El proyecto, liderado por Julio Valenzuela Llueta, director del Doctorado en Minería, genera carbon black, aceite similar a hidrocarburos y gas combustible. La planta piloto propone un modelo replicable en comunas con limitaciones de espacio y recursos.
Conversamos con Valenzuela para conocer en detalle esta iniciativa que permite evaluar factibilidad técnica en condiciones extremas, integrando los subproductos a cadenas productivas en minería, construcción y energías.
Destacar que la investigación se enmarca en la Ley de Responsabilidad Extendida del Productor (Ley REP) y busca fortalecer la economía circular regional.
¿Cuál es el objetivo principal de la planta piloto de pirólisis?
“El objetivo central es transformar neumáticos en desuso en subproductos útiles, como carbon black sólido, aceite similar a hidrocarburos y gas combustible, que puedan insertarse en cadenas productivas locales y regionales. Este piloto también busca demostrar que la investigación aplicada puede generar impactos tangibles en la comunidad y ser un modelo replicable en otras comunas con restricciones de espacio”.
¿Por qué se eligió San Pedro de Atacama para este piloto?
“San Pedro de Atacama enfrenta desafíos en el manejo de residuos y escasez de espacio para disposición final. El piloto permite probar los procesos de pirólisis en condiciones extremas y establecer un modelo replicable que otras localidades puedan adoptar. La iniciativa combina investigación y colaboración comunitaria, fortaleciendo la economía circular en territorios del norte de Chile”.
Operación de la planta piloto y condiciones técnicas
¿Cómo funciona la planta y cuáles son los desafíos operativos?
“La planta inicia con un encendido a gas licuado, pero luego se sostiene con el gas generado durante el proceso de pirólisis, lo que permite mayor autonomía. Proyectamos tratar una tonelada de neumáticos diarios para evaluar las condiciones óptimas en este clima extremo. Los desafíos incluyen logística, transporte de insumos, mantenimiento de equipos y distancia desde centros urbanos, pero estas dificultades fortalecen la colaboración con la comunidad y el sector privado”.
¿Qué significa que el proceso se realice sin oxígeno?
“El proceso térmico sin oxígeno permite descomponer los neumáticos sin combustión, generando tres subproductos útiles: carbon black, aceite y gas combustible. Esta técnica asegura eficiencia y control en la producción, permitiendo que los subproductos puedan ser aplicados en mercados industriales especializados, incluyendo minería y construcción”.
Subproductos y aplicaciones industriales
¿Qué subproductos se obtienen y cómo se pueden usar?
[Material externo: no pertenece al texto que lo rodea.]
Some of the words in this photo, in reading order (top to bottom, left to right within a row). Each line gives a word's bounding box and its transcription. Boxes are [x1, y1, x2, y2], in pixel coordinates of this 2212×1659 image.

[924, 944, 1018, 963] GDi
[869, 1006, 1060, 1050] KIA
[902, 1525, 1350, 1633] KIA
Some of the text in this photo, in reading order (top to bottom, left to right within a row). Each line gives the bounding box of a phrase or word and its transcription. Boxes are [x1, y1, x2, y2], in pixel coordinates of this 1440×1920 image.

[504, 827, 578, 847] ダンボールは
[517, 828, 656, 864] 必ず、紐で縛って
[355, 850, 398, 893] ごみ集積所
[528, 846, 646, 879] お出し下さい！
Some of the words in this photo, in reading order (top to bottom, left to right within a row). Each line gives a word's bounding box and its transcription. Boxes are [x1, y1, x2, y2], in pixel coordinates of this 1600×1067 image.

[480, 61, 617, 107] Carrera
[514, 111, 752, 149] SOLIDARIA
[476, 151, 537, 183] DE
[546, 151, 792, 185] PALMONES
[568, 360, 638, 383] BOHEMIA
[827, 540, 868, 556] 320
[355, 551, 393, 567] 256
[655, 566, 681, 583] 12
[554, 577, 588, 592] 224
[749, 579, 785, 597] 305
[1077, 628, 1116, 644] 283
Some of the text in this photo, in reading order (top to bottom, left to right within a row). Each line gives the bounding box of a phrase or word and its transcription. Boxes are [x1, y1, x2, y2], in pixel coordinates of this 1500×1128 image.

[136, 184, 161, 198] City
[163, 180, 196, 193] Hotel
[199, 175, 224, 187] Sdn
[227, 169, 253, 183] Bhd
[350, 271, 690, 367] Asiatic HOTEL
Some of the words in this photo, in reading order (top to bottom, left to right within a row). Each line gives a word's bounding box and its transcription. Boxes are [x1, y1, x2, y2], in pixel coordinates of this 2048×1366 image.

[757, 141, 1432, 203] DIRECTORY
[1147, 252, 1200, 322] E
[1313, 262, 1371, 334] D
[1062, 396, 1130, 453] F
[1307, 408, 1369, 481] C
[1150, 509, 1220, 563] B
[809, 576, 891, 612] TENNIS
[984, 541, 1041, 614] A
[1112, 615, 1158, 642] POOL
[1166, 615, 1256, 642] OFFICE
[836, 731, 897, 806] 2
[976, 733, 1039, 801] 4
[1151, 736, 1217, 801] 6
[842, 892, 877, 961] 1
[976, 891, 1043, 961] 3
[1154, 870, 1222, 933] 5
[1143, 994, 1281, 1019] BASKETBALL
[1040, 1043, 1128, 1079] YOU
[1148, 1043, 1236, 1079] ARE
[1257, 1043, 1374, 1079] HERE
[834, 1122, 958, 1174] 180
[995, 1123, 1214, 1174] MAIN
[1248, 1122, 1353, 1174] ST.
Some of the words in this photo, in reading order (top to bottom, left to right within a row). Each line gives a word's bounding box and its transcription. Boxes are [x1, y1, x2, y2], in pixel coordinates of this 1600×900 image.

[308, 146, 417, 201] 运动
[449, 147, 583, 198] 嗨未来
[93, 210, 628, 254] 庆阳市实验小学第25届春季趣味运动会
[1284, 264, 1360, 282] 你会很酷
“Los tres subproductos tienen aplicaciones industriales concretas: carbon black sólido para construcción, minería e industria del caucho; aceite similar a hidrocarburos para generación de energía o procesos químicos; y gas combustible que puede alimentar la misma planta. Además, buscamos complejizar los productos para acceder a mercados de mayor rentabilidad y generar un modelo sostenible y replicable de economía circular”.
¿Cómo se proyecta usar el carbon black en minería?
“Planeamos activar el carbon black para que tenga afinidad eléctrica, permitiendo su uso en extracción directa de litio, un insumo estratégico para la región. Esto agrega valor al residuo y ofrece oportunidades económicas concretas, demostrando cómo la pirólisis de neumáticos puede integrarse a cadenas productivas de alto valor”.
Marco normativo y proyección futura
¿Cómo influye la Ley REP en el proyecto?
“La Ley de Responsabilidad Extendida del Productor obliga a las empresas a hacerse cargo de residuos prioritarios como neumáticos, generando oportunidades para negocios de economía circular. Este piloto demuestra que academia y sector privado pueden colaborar para cumplir la normativa y generar beneficios ambientales y económicos tangibles”.
¿Cuál es la proyección futura del piloto?
“Buscamos que sea un modelo replicable en otras comunas, integrando academia, Estado y sector privado. Proyectamos evaluar nuevas aplicaciones de los subproductos y su integración a cadenas de valor en minería, construcción y energía, generando impacto ambiental, económico y social en la región”.
¿Qué mensaje deja esta iniciativa a otras comunas?
“Este proyecto demuestra que es posible convertir residuos en insumos estratégicos, generando valor económico y ambiental. La clave está en la planificación, innovación y colaboración entre academia, industria y comunidad, avanzando hacia soluciones sostenibles y replicables en Chile”.